Robben Island was first inhabited thousands of years ago by stone age people, at a time when sealevels were considerably lower than they are today and people could walk to it. It was then a flat-topped hill. Towards the end of the last Ice Age the melting of the ancient ice caps caused sealevels to rise once again (they have gone up and down many times over the ages) and the land around the island was flooded by the ocean. Since the end of the 17th century, Robben Island has been used to isolate certain people — mainly prisoners — and amongst its first permanent inhabitants were political leaders from various Dutch colonies, including Indonesia.
From 1836 to 1931 the island was used as a leper colony and in the 20th century it became infamous as a gaol for political prisoners under apartheid. Notable amongst these were Nelson Mandela, Walter Sisulu, Tokyo Sexwale, Govan Mbeki, Dennis Brutus and Robert Sobukwe. During the time that the island was a prison, security was very tight and it was off limits to almost all civilians, including fishermen. Before about 1980 there was not one citizen in 10,000 in Cape Town who had set foot on the island. It is not generally known that the use of the island as a prison was greatly inhibited for centuries by a lack of fresh water. The island is arid, with low scrubby vegetation and has no watercourses. Boreholes were drilled in the first half of the 20th century but in due course the fragile water table was invaded by sea water and the bores became useless. Sometime after 1965 a pipeline was laid on the bottom of the ocean from Cape Town. In the end, many of the prisoners were moved from the island to the mainland.
When the Dutch arrived in the area about 400 years ago, the only large animals on the island were seals and birds. In about 1960, or a little before, the warden of the island introduced a few antelope that were native to the coastal dunes nearby and also a few giant tortoises, which were not. The tortoises probably originated in the Galapagos Islands or the Seychelles and came from the zoo on the slopes of Devil's Peak in Cape Town, where they have lived in captivity for at least 150 years. It is not clear whether these animals still exist on the island.
All the land on the island is owned by the State, with the exception of the island church.

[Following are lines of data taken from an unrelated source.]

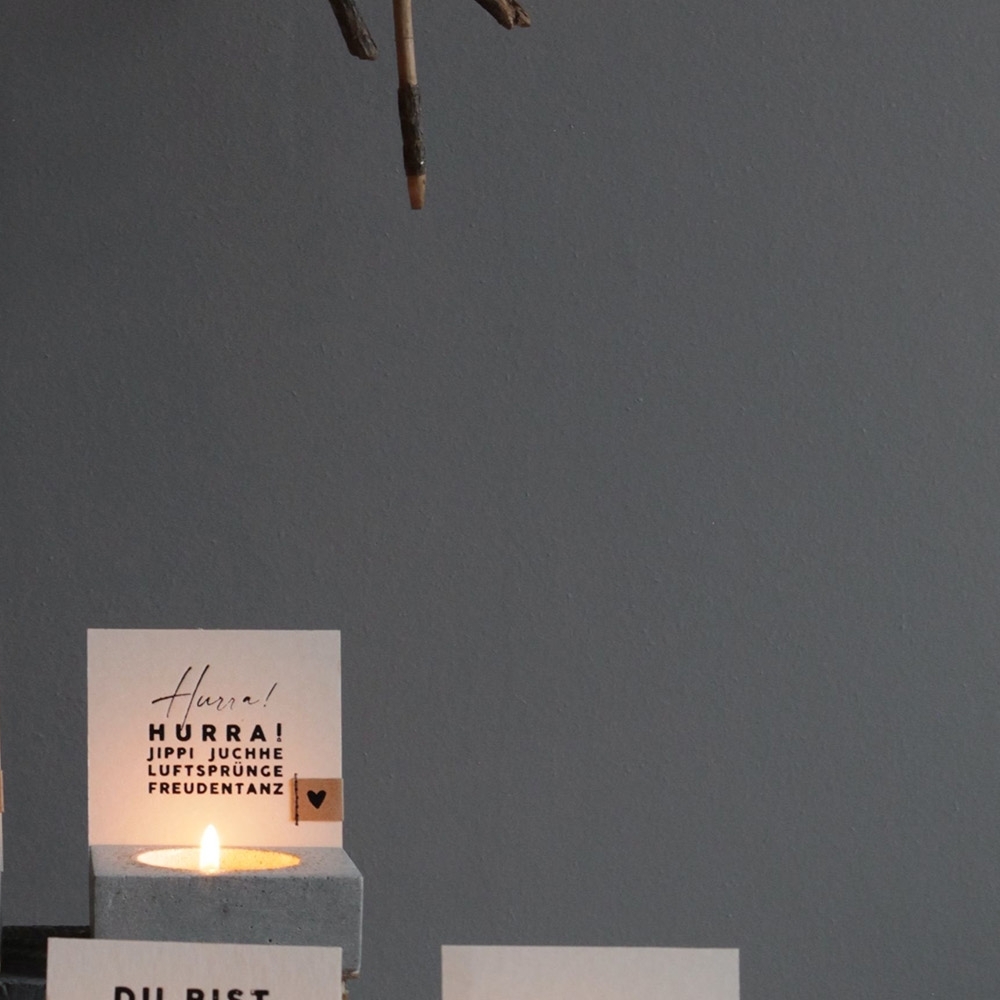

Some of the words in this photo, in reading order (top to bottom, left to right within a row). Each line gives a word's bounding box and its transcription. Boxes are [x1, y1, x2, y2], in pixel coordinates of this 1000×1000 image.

[151, 664, 278, 730] Hurra!
[148, 723, 283, 742] HURRA!
[146, 747, 194, 761] JIPPI
[208, 747, 284, 760] JUCHHE
[147, 761, 284, 777] LUFTSPRÜNGE
[148, 782, 284, 795] FREUDENTANZ

Today the island is a popular tourist destination and was declared a World Heritage Site in 1999. It is reached by ferry from the Victoria & Alfred Waterfront in Cape Town and is open throughout the year, weather permitting. Robben Island Museum (RIM) operates as a site or living museum.

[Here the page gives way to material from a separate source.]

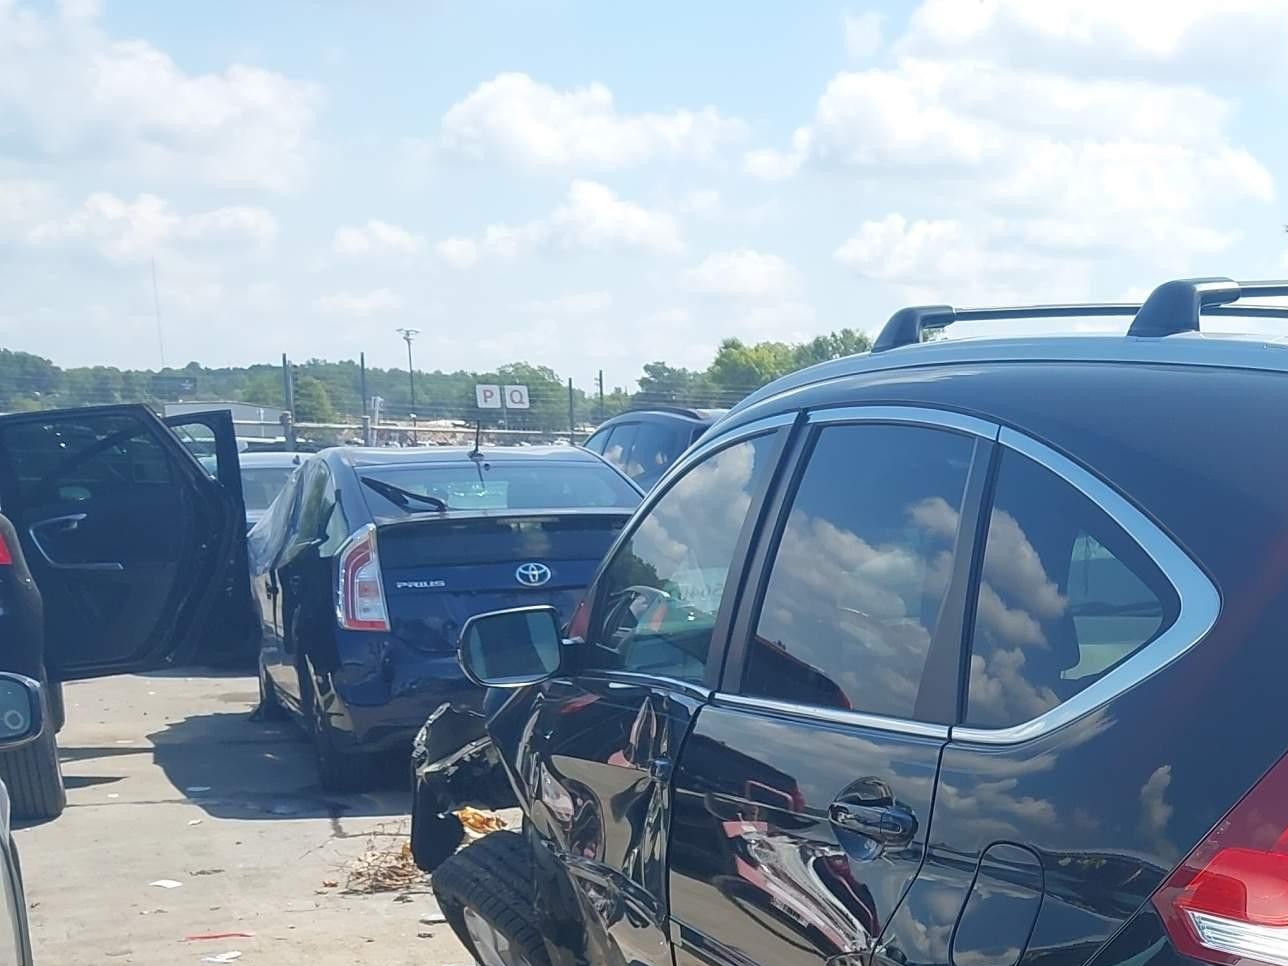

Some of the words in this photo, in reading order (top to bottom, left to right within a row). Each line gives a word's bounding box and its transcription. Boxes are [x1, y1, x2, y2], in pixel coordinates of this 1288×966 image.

[482, 389, 494, 403] P
[510, 389, 525, 405] Q
[396, 580, 446, 589] PRIUS

Robben Island has been the nemesis of many a ship and its crew. The surf of the open Atlantic Ocean thunders continuously at its margins and any vessel wrecked on the reefs offshore is soon beaten to pieces and disappears. In the latter half of the 1600s a Dutch ship laden with gold coins earmarked for the payment of the salaries of employees of the Dutch East India Company in Batavia (now Indonesia) disintegrated on these reefs a short distance off shore, in relatively shallow but very restless waters. The gold today would be worth tens of millions of pounds sterling or U.S. dollars. A few coins have washed ashore over the centuries but the treasure itself remains in the ocean. It is protected largely by the almost ceaseless and violent surf. Many other vessels have been wrecked around the isle.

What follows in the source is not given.